Der Verfasser: Allerdings. Allein ich verfahre dabei nicht nach einem vorher festgelegten Schema F. Der Magisterton ist mir zuwider. Der Leser soll ergötzlich unterhalten werden, das ist mir genau so wichtig, wie die Absicht, ihm merkwürdige Belehrung zufließen zu lassen. Vielfach kleide ich diese in die Form einer im Plaudertone vorgetragenen Erzählung, ja sogar eines Schwankes, den man auf einer Bühne oder im Film darstellen könnte. Aber irgendwo sitzt da immer ein Gedankenexperiment, das mit dem Unglaublichen spielt und aus dem Kontrast von Möglich und Unmöglich gewisse Reize zu entwickeln trachtet.
Der Empfänger: Nenne mir einzelne Beispiele!
Der Verfasser: Gerade das möchte ich vermeiden. Ich käme mir vor wie ein Lustspieldichter, der im Vorspiel Pointen aus den folgenden Akten verraten wollte. Denn auch hier ist das Wesentliche auf Pointen angelegt, freilich auf Spitzen, die sehr erheblich über die Alltäglichkeit hinausragen.
Der Empfänger: Am Ende gar ins Philosophische hinein?
Der Verfasser: Sagen wir: in ein Grenzgebiet, wo sich Philosophie und Humor berühren. Ob es mir gelungen ist, auf diesem Gebiet Fuß zu fassen, das wirst du als Leser zu entscheiden haben. Mir steht es nur zu, von meinen Absichten zu reden. Und zu diesen gehört der Wille, durch erlebte und gedachte krause Wunderlichkeiten, Rätsel und geistige Abenteuer Spannung zu erzeugen; Fernblicke in ungeahnte Horizonte zu eröffnen.

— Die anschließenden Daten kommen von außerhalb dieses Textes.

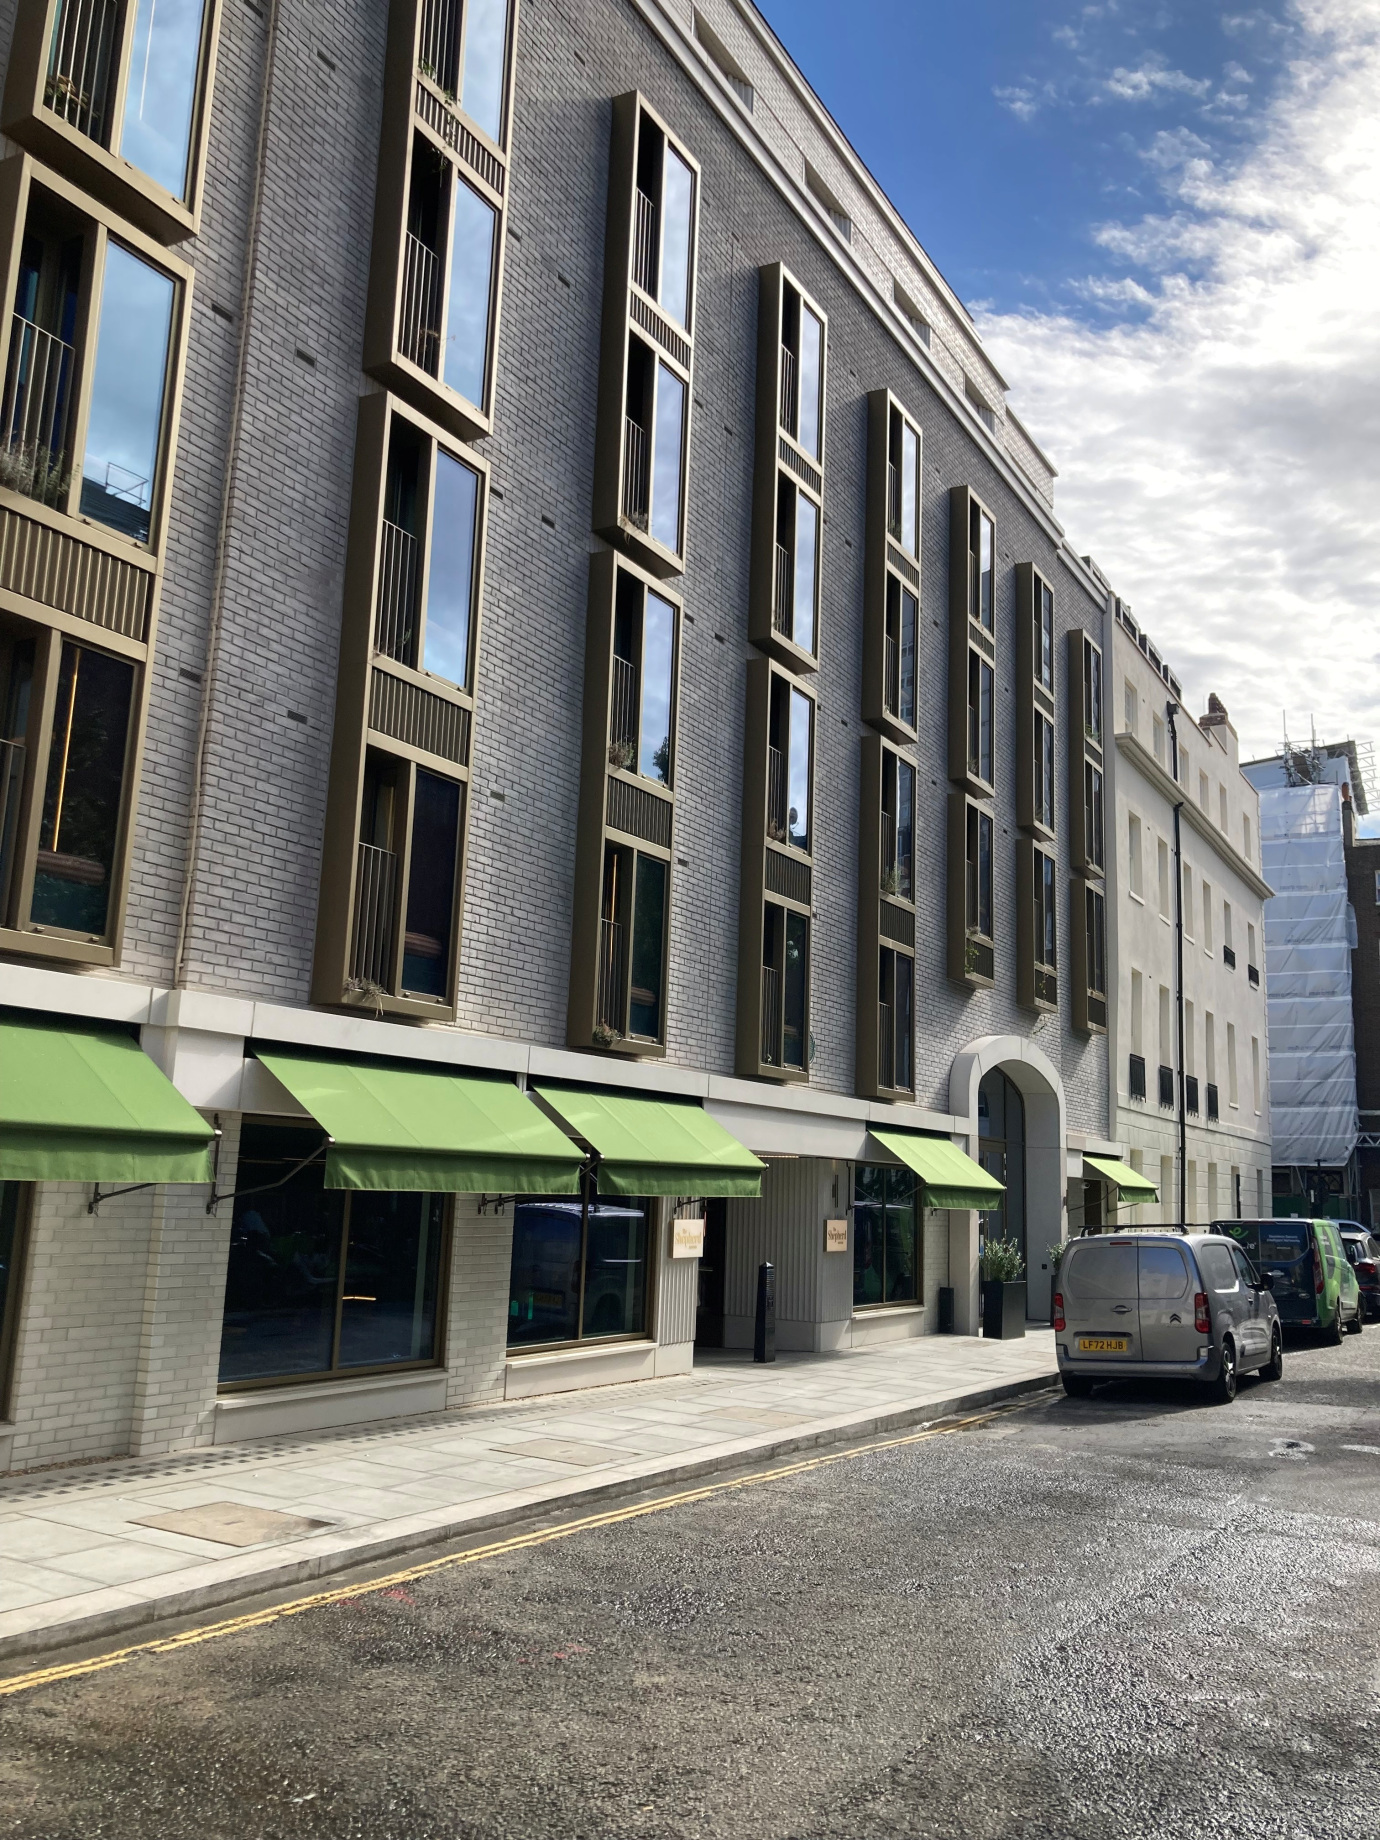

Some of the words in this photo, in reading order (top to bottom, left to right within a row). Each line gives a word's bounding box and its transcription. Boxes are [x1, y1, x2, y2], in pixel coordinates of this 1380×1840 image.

[674, 1231, 702, 1247] Shepherd
[827, 1229, 847, 1243] Shepherd
[1082, 1340, 1105, 1350] LF72
[1106, 1340, 1124, 1350] HJB

Der Empfänger: Und sollte dabei nicht sehr viel Paradoxes mit unterlaufen?
Der Verfasser: Ganz bestimmt. Ich bekenne mich sogar auf der Titelseite ausdrücklich zu ihnen. Auf geradlinigen Wegen läßt sich der Widerspruch gegen das Leichtglaubliche nicht gewinnen, und wenn man sich schon einmal vorgenommen hat, Unglaublichkeiten zu entwickeln, darf man auch vor Ketzereien gegen die Allerweltslogik nicht zurückbeben.
Der Empfänger: Es fragt sich bloß, ob alle Leser deine Paradoxien werden mitmachen wollen.

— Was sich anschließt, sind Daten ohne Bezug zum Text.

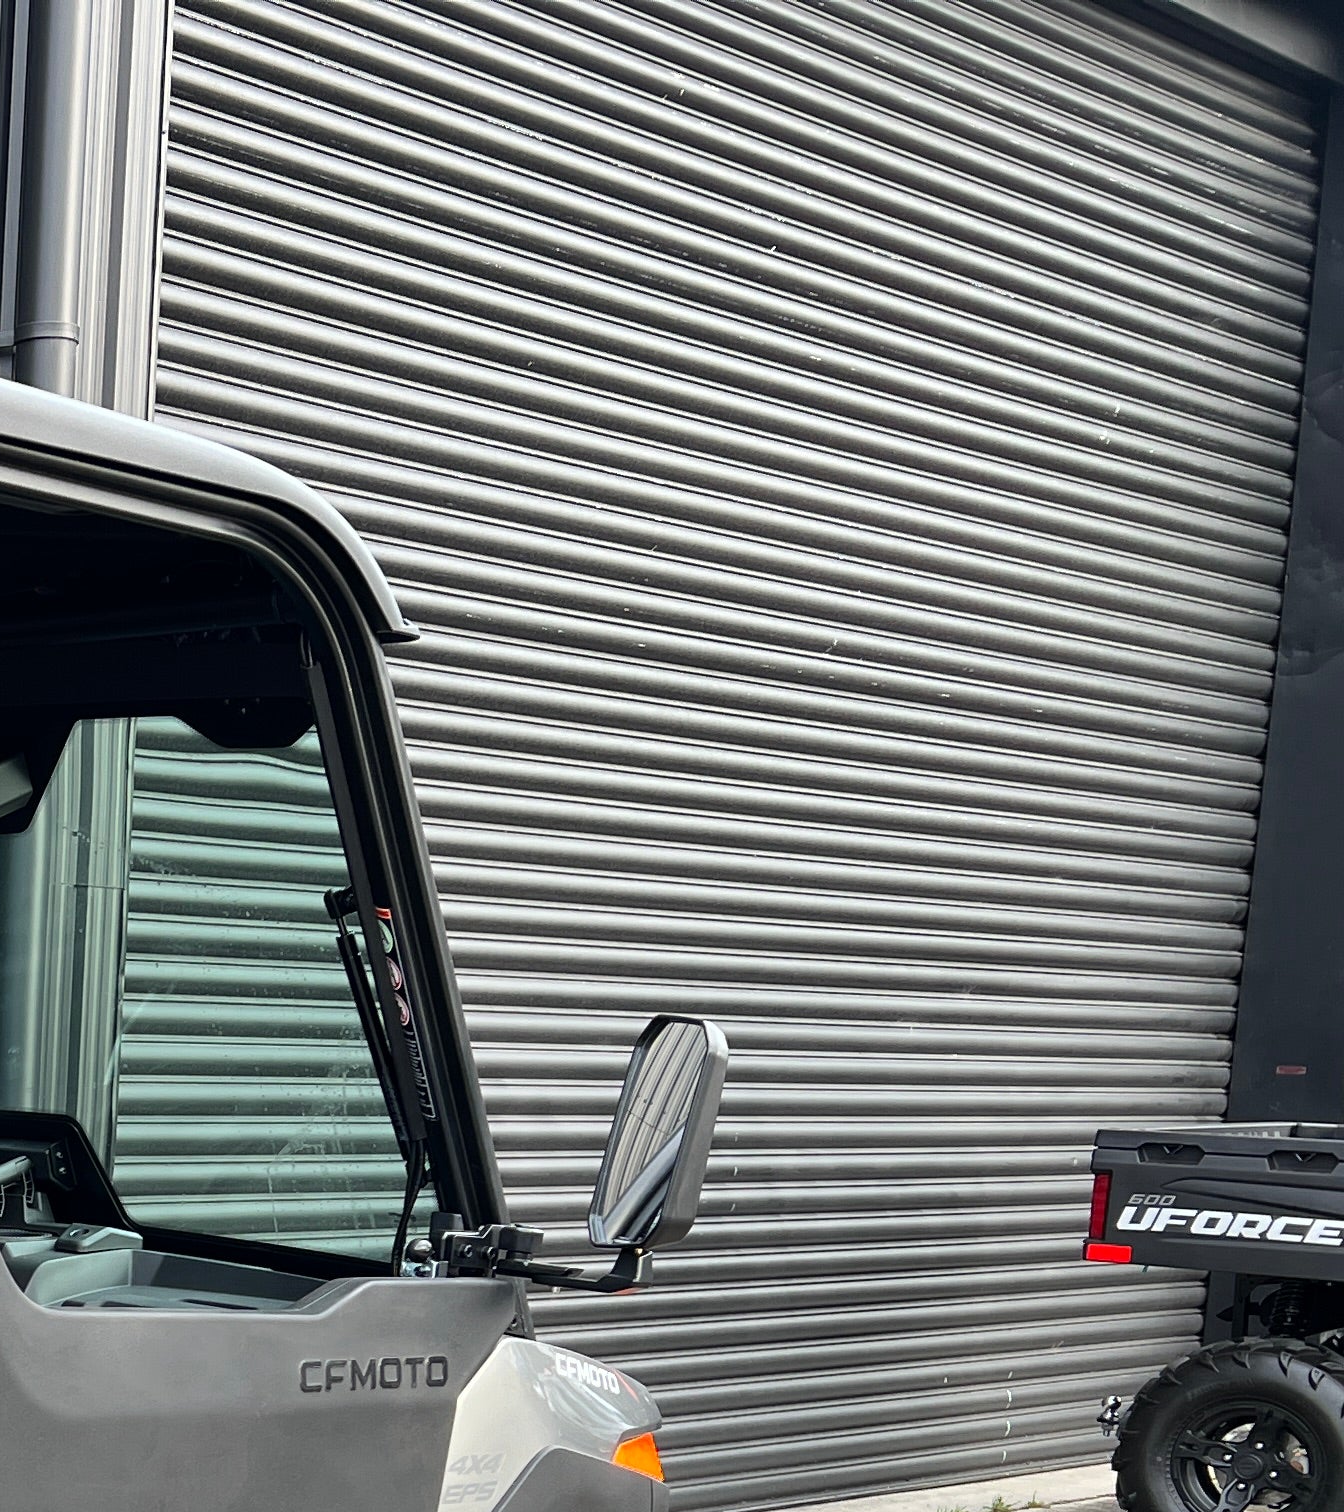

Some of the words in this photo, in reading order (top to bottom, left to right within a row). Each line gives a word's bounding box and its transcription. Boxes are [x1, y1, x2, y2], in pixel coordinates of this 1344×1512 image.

[1127, 1193, 1177, 1206] 600
[1116, 1206, 1344, 1247] UFORCE
[299, 1355, 449, 1393] CFMOTO
[555, 1353, 621, 1395] CFMOTO
[450, 1453, 505, 1475] 4X4
[441, 1481, 498, 1505] EPS

Der Verfasser: Alle? höchst unwahrscheinlich. Aber viele von denen, auf die es ankommt. Ich halte dies sogar meinem Unglauben zum Trotz für eine mit allen Anzeichen des Wahrscheinlichen ausgerüstete Glaublichkeit.
Der Empfänger: Du redest sehr zuversichtlich.
Der Verfasser: Das muß ich wohl. Denn ein Buch schreiben, das heißt: an willfährige Leser glauben. Das Gegenteil für möglich halten, siehst du, Freund, das wäre selbst mir eine allzu paradoxe Unglaublichkeit!